Möglichst lange leben und dabei gesund bleiben – das hat für immer mehr Menschen oberste Priorität. Healthy-Aging-Ärztin und Europas Longevity-Pionierin Karin Stengg verrät, was wir täglich tun können, um dieses Ziel zu erreichen.
Wie alt werden wir? Und wie lange können wir ein beschwerdefreies Leben führen? Wenn wir übers Älterwerden nachdenken, orientieren wir uns meist an Ereignissen, die in der Zukunft liegen. Dabei sollten wir unsere volle Aufmerksamkeit auf die Gegenwart richten. Denn: "Wie schnell und wie wir altern, haben wir zu einem großen Teil selbst in der Hand – und zwar jetzt", weiß Karin Stengg, Unfallchirurgin, Osteopathin und Präsidentin der internationalen Gesellschaft für Healthy Aging Medicine.

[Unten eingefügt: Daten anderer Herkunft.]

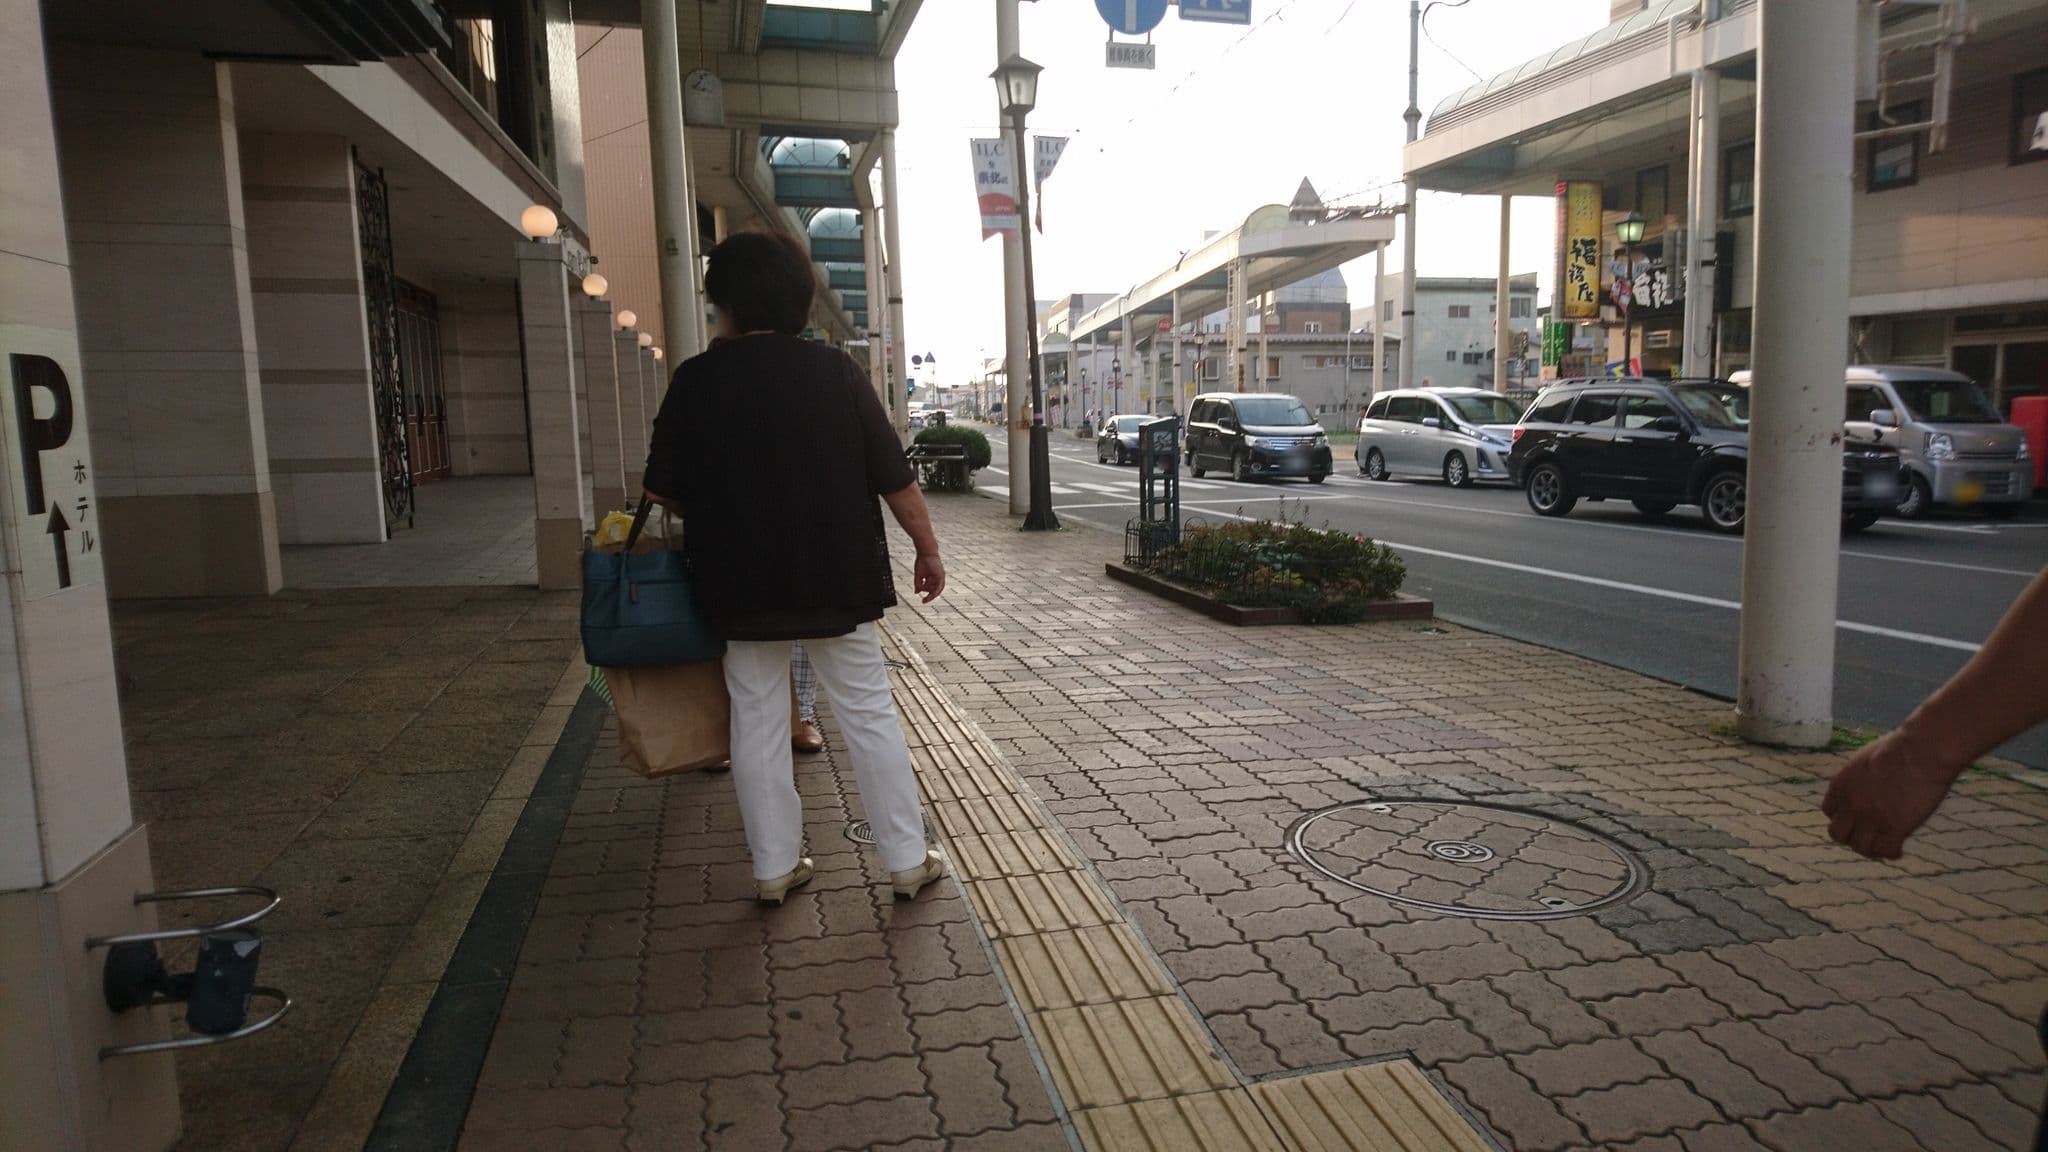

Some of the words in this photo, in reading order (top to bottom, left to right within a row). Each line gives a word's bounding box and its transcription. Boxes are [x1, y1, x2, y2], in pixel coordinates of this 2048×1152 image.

[977, 143, 1004, 156] ILC
[9, 352, 73, 516] P
[73, 459, 95, 555] ホテル

75 Prozent des Alterungsprozesses sind der Epigenetik geschuldet – damit sind Umweltfaktoren sowie individuelles Verhalten gemeint: "Unsere Gene bestimmen nur zu etwa 25 Prozent, wie lange wir leben werden." Alterung entsteht immer auf Zellebene: "Das sogenannte Epigenom nimmt eine wichtige Stellung bei der Steuerung des Erbguts ein und wird durch äußere Faktoren und unseren Lebensstil verändert. Die gute Nachricht ist jedoch, dass es bis in das hohe Alter veränderbar ist."
Man hat herausgefunden, dass jeder Mensch mit einer gewissen Anzahl von Zellteilungen auf die Welt kommt. "Die Longevity-Medizin hilft dabei, vermehrte Zellteilungen zu verhindern, indem sie Faktoren des Lebensstils und genetische Faktoren analysiert und daraus einen personalisierten Plan erstellt, um Schäden zu vermeiden."
Spannend: Zellen, Organe und Gewebe, die Stress spüren, erhöhen ihre Wartungs- und Reparaturprozesse als Reaktion auf den Stress. "Und diese Fähigkeit unserer Gewebe und Organe, Schäden zu regenerieren und zu reparieren, ist entscheidend für die Erhaltung der Gesundheit. Dazu sind gesunde Stammzellen notwendig." Mediziner*innen formulieren das so: Die Wiederherstellung einer ordnungsgemäßen interzellulären Kommunikation könnte die Gesundheit verlängern, indem chronische altersbedingte Entzündungen reduziert werden.
Lebensdauer verlängern und Lebensqualität steigern
Nun liegt die sogenannte "Healthspan", die Zahl der gesunden Jahre eines Menschen, in Europa bei 68, ganze zehn Jahre unter der "Lifespan", der Lebenserwartung. Genetik, Biologie, Medizin und Sozialwissenschaften entschlüsseln seit einigen Jahren die Mechanismen des Alterns, Biotech-Start-ups forschen an Medikamenten, die die Lebenserwartung des Menschen in den Bereich von 120 Jahren vorrücken sollen. Seinen Ursprung hat der Longevity-Trend in den USA, mittlerweile boomt er auch in Europa. Und das sind die fünf wichtigsten Säulen:
1. Säule: Vitalstoffreiche Ernährung
Unsere Ernährung kann Stoffwechsel und Wohlbefinden positiv beeinflussen. Auch Fasten kann intestinale Stammzellen zur Vermehrung anregen. Angestrebt wird hier der Autophagie-Prozess, eine Art körpereigenes Recycling. "Doch selbst bei abwechslungsreicher Kost sind Mängel an bestimmten Mikronährstoffen nicht ungewöhnlich", betont Expertin Stengg. Der Grund: Exogene Faktoren wie Umwelt und Klima wirken sich auf unsere Nahrungsmittel aus, in denen sich immer mehr Chemikalien, jedoch immer weniger Vitalstoffe befinden. Nicotinamid-Mononukleotid – kurz NMN – gilt als eines der Schlüsselelemente in der Anti-Aging-Forschung. Es dient als effizienter Vorläufer für NAD+, ein zentrales Molekül vieler Stoffwechselprozesse. Stengg: "Aminosäuren sind essenziell, um altersbedingten Krankheiten wie Osteoporose und Muskelschwund entgegenzuwirken."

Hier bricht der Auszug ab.